▶ Work request: Please repeat each line below exactly, with no images in the copy.

Dataset entries:
⁂

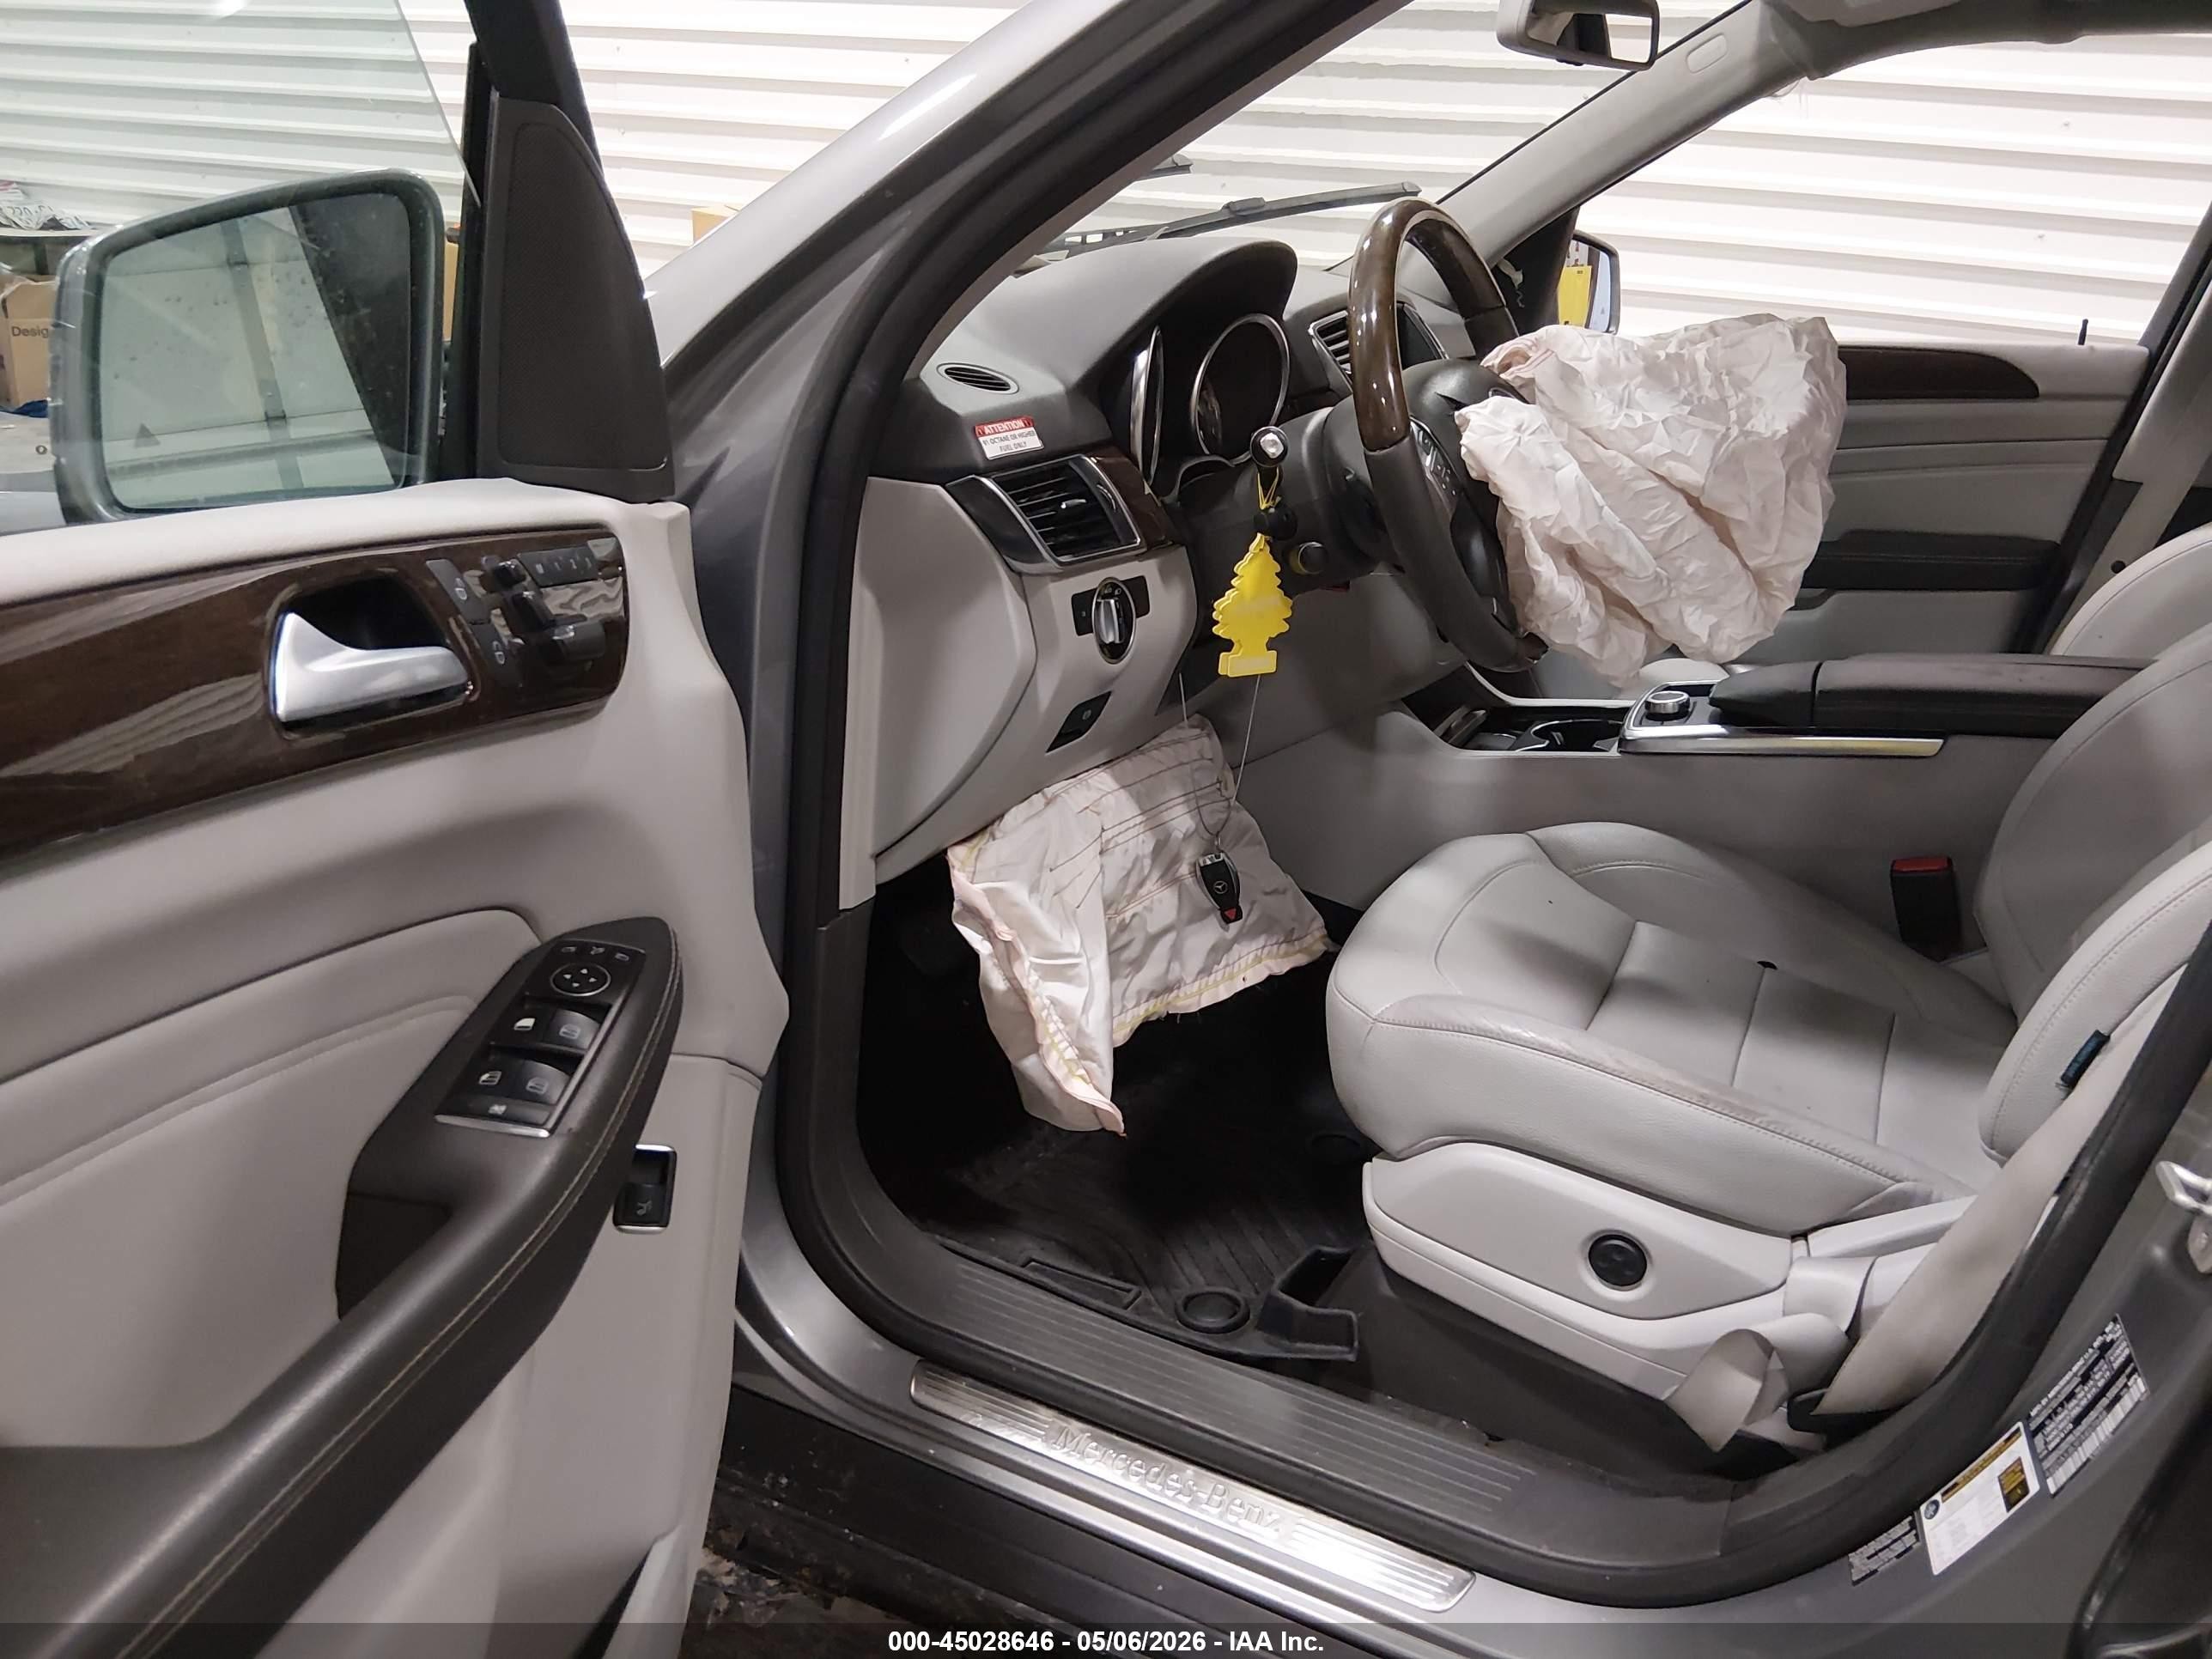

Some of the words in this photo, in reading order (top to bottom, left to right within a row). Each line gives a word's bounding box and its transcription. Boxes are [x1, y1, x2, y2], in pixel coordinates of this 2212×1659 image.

[984, 419, 1025, 434] ATTENTION
[990, 434, 1010, 444] OCTANE
[1051, 1425, 1280, 1533] Mercedes-Benz
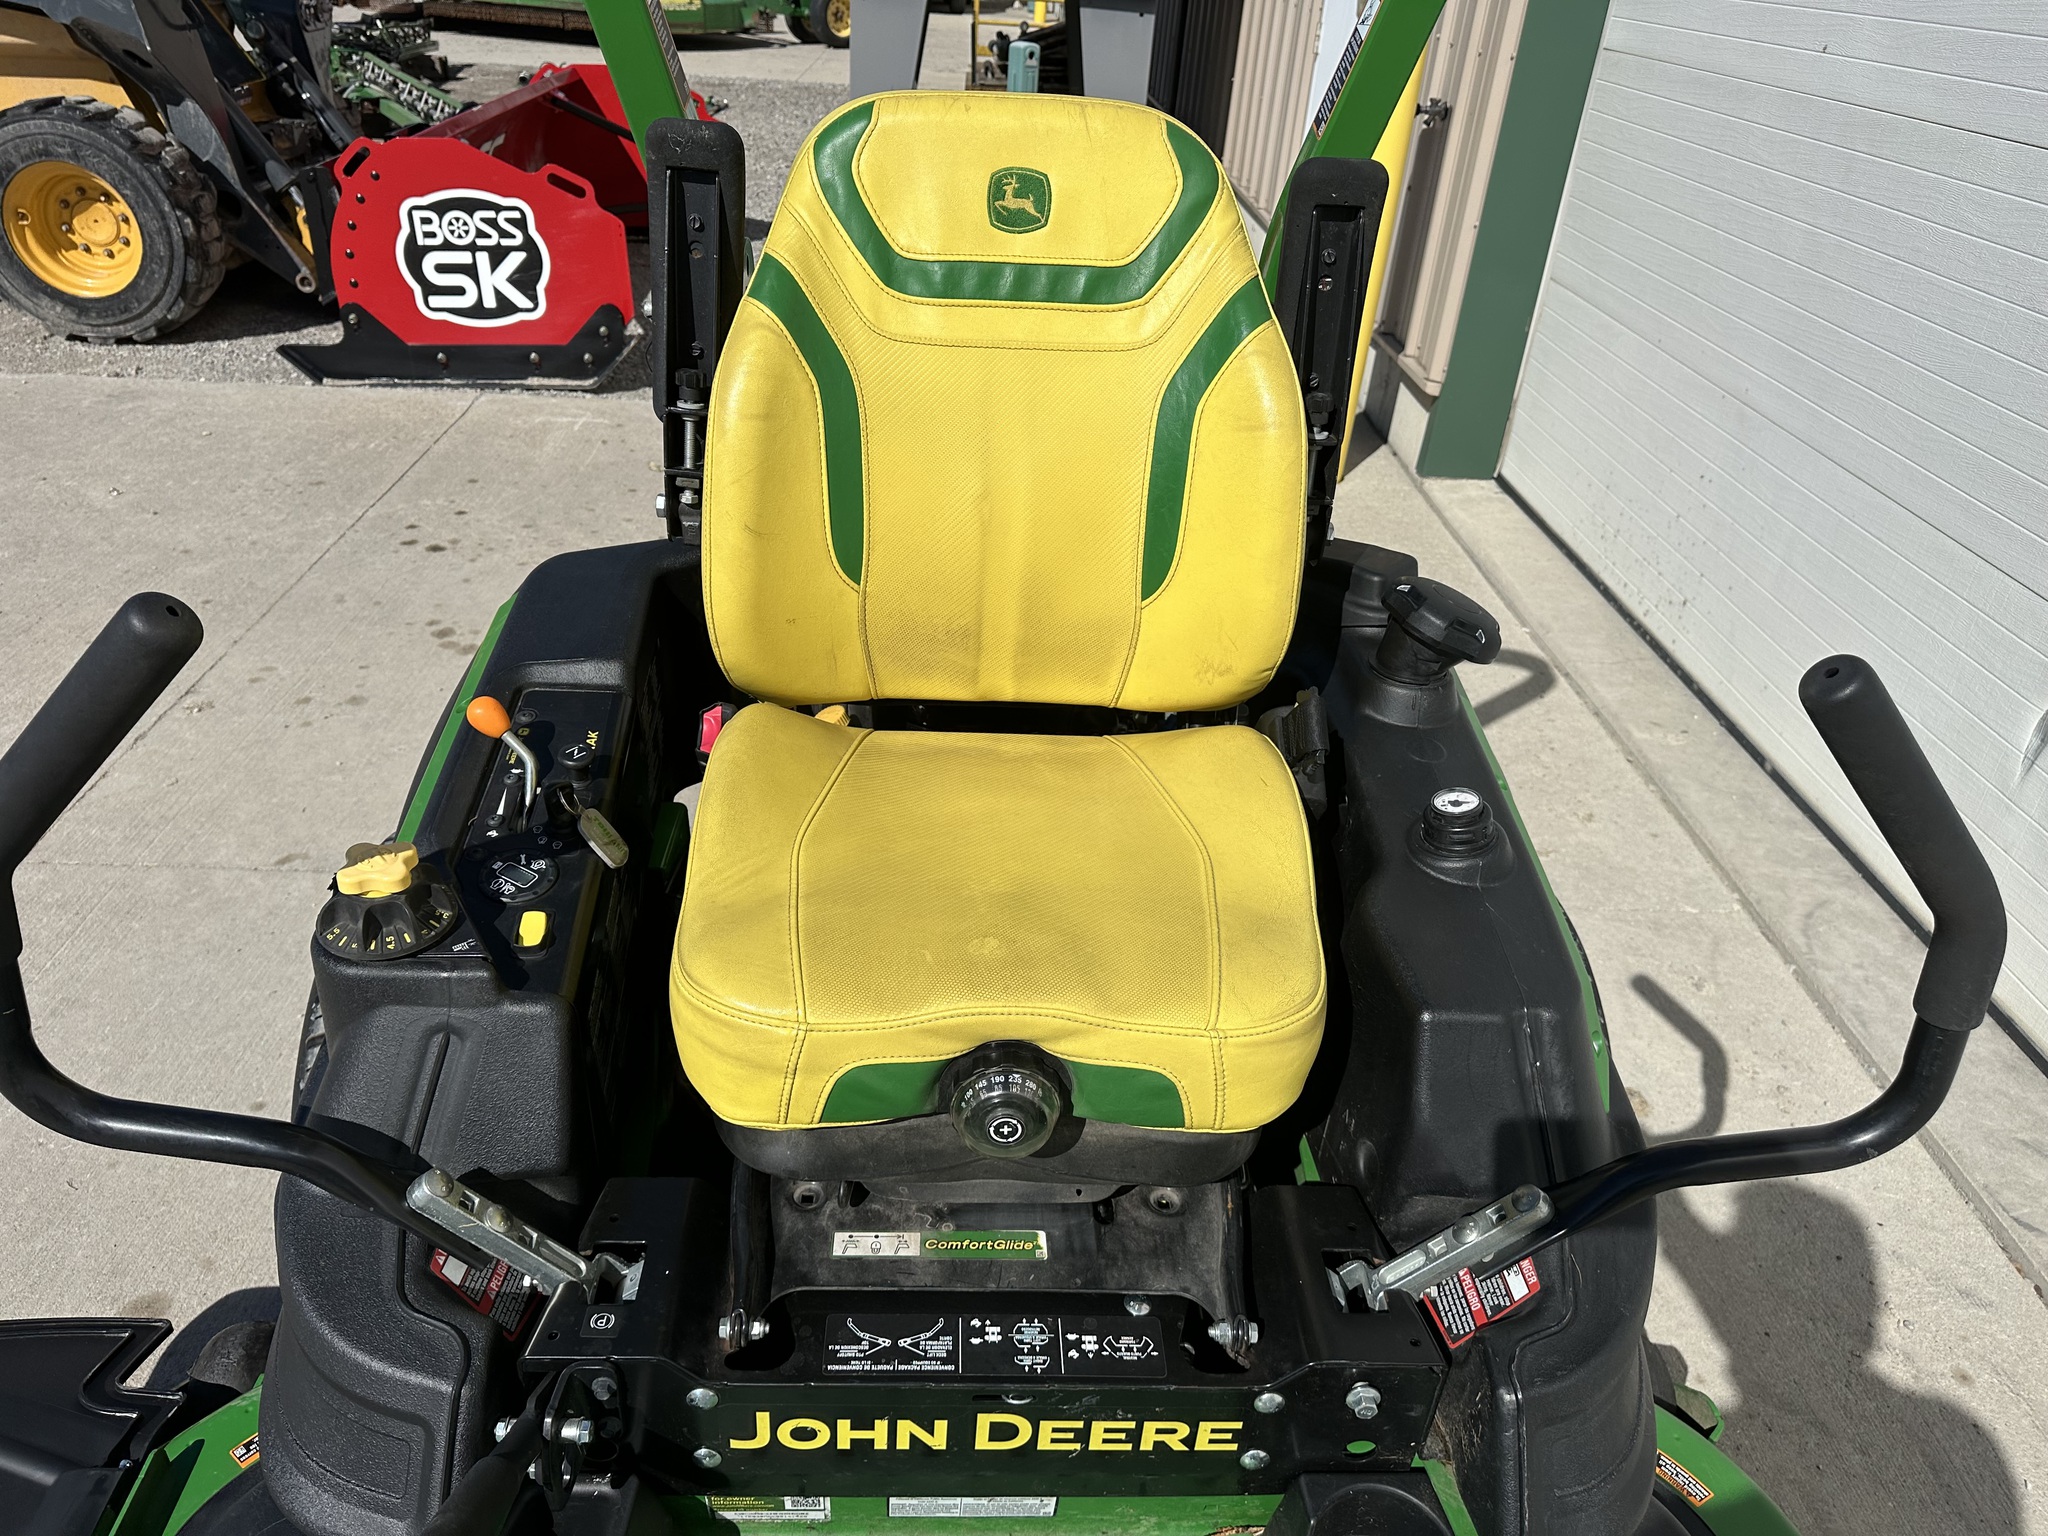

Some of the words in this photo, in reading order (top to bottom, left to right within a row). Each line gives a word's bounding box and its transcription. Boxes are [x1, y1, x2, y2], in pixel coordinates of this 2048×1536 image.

[412, 210, 523, 245] BOSS
[422, 251, 534, 308] SK
[326, 927, 341, 941] 5.5
[385, 935, 396, 950] 4.5
[964, 1088, 974, 1101] 100
[974, 1079, 987, 1090] 145
[990, 1075, 1005, 1083] 190
[1008, 1075, 1022, 1084] 235
[1025, 1079, 1037, 1091] 280
[924, 1239, 1034, 1250] ComfortGlide
[1520, 1260, 1536, 1284] NGER
[1461, 1275, 1480, 1310] PELIGRO
[729, 1411, 948, 1450] JOHN
[974, 1413, 1244, 1451] DEERE
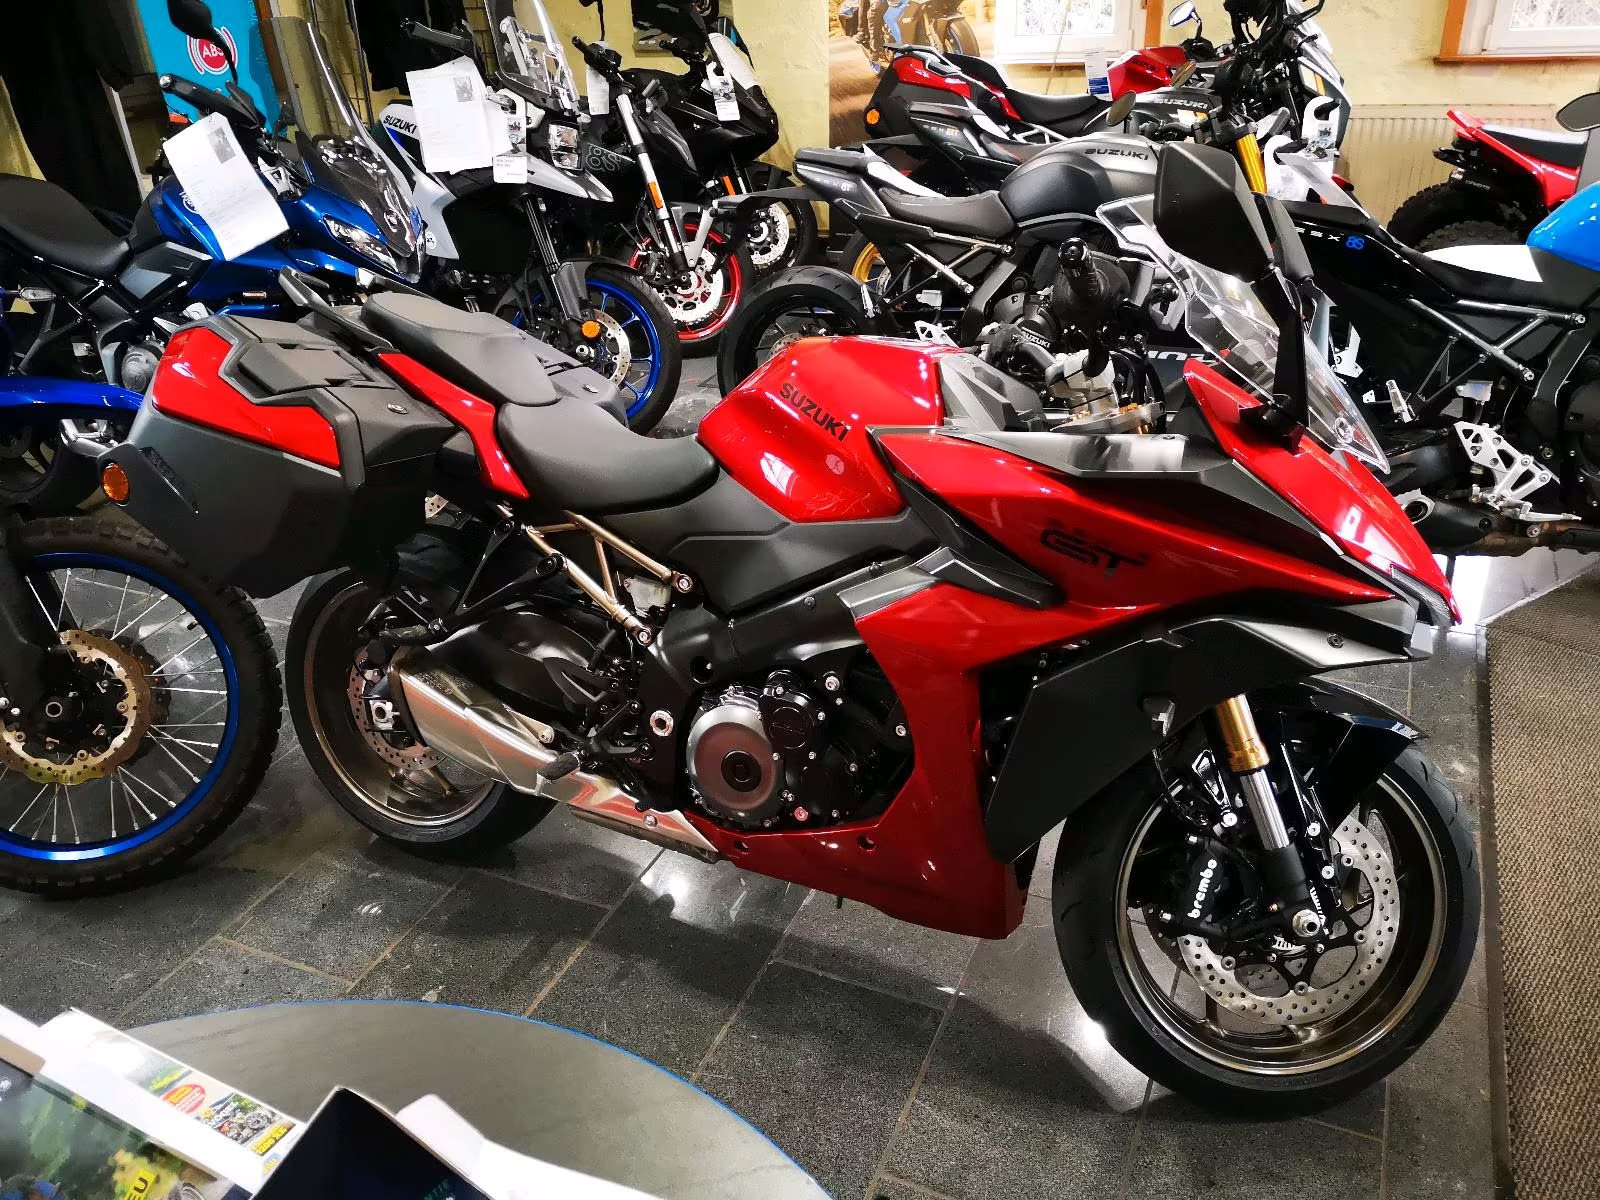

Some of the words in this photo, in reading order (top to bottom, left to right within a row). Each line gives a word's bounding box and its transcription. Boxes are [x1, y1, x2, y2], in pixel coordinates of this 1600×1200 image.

[1153, 98, 1209, 110] SUZUKI
[383, 114, 418, 135] SUZUKI
[1084, 148, 1150, 161] SUZUKI
[779, 382, 852, 442] SUZUKI
[1187, 858, 1218, 919] brembo

⁂

▶ Problem solution:
Some of the words in this photo, in reading order (top to bottom, left to right within a row). Each line gives a word's bounding box and its transcription. Boxes are [x1, y1, x2, y2], in pixel coordinates of this 2212×1659 image.

[984, 419, 1025, 434] ATTENTION
[990, 434, 1010, 444] OCTANE
[1051, 1425, 1280, 1533] Mercedes-Benz

Some of the words in this photo, in reading order (top to bottom, left to right within a row). Each line gives a word's bounding box and its transcription. Boxes are [x1, y1, x2, y2], in pixel coordinates of this 2048×1536 image.

[412, 210, 523, 245] BOSS
[422, 251, 534, 308] SK
[326, 927, 341, 941] 5.5
[385, 935, 396, 950] 4.5
[964, 1088, 974, 1101] 100
[974, 1079, 987, 1090] 145
[990, 1075, 1005, 1083] 190
[1008, 1075, 1022, 1084] 235
[1025, 1079, 1037, 1091] 280
[924, 1239, 1034, 1250] ComfortGlide
[1520, 1260, 1536, 1284] NGER
[1461, 1275, 1480, 1310] PELIGRO
[729, 1411, 948, 1450] JOHN
[974, 1413, 1244, 1451] DEERE

Some of the words in this photo, in reading order (top to bottom, left to right within a row). Each line gives a word's bounding box and its transcription. Boxes are [x1, y1, x2, y2], in pixel coordinates of this 1600×1200 image.

[1153, 98, 1209, 110] SUZUKI
[383, 114, 418, 135] SUZUKI
[1084, 148, 1150, 161] SUZUKI
[779, 382, 852, 442] SUZUKI
[1187, 858, 1218, 919] brembo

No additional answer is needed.